The explosive growth of new media and the multiple and diverse means of communications are changing consumers and brands (Madhavaram, Badrinarayanan, & McDonald, 2005). Digitalisation is a growing reality (Vernuccio & Ceccotti, 2015). As per April 2019 there were 4.437 billion internet users (around 58% of the worldwide population) and 3.499 billion active social media users (We are social, 2019). Not only is the setting changing, but also consumers’ profile and roles. Perhaps more than ever, consumers’ attention is divided due to multitasking and a perpetual state of partial attention (Batra & Keller, 2016).This affects their media usage patterns and how they use the media sources to get information.

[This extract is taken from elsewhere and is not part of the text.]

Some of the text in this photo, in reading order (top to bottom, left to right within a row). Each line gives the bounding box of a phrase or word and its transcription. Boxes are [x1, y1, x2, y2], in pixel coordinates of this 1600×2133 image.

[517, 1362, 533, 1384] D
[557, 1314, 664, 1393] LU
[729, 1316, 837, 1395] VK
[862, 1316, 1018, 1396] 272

Researchers have identified some emerging trends that are leading firms to change the way they communicate to consumers and develop new and innovative businesses. One of these trends is disintermediation. Disintermediation “greatly democratises access to the means of communication and to information and knowledge through direct access to one-to-many communication channels” (Overton-de Klerk & Verwey, 2013, pp.367). Thus, the control of information that was once in the hands of a limited elite – management – is now available to many – stakeholders (Denegri-knott & Schroeder, 2006; Kerr, Mortimer, Dickinson, & Waller, 2012). The power shifted from the institutional communicator to the individual recipient, namely each customer, who becomes more and more empowered (Overton-de Klerk & Verwey, 2013).

A second major trend is the blur of communication genres (Overton-de Klerk & Verwey, 2013). Nowadays we are assisting to an interchange of practices between different communication genres, such as Public Relations (PR) and advertising. It became more common for advertising to use cause-related and cooperative programmes previously associated to PR, and to PR to use paid advertising to communicate critical messages. Similarly, we are assisting to media convergence, breaking away from the “above and below-the-line” models. Today, the message content is accessible via multiple media types and devices (Bosman, 2000).

These forces have a major impact on organisations that, rather than being static and imposing conditions, have to mould themselves to go along with and benefit from this communication revolution (Overton-de Klerk & Verwey, 2013).

In this chapter we present a general perspective of marketing communication and how it will affect business innovation, discuss the existing paradigm shift in marketing communication and introduce a case study which applies some of the more recent techniques.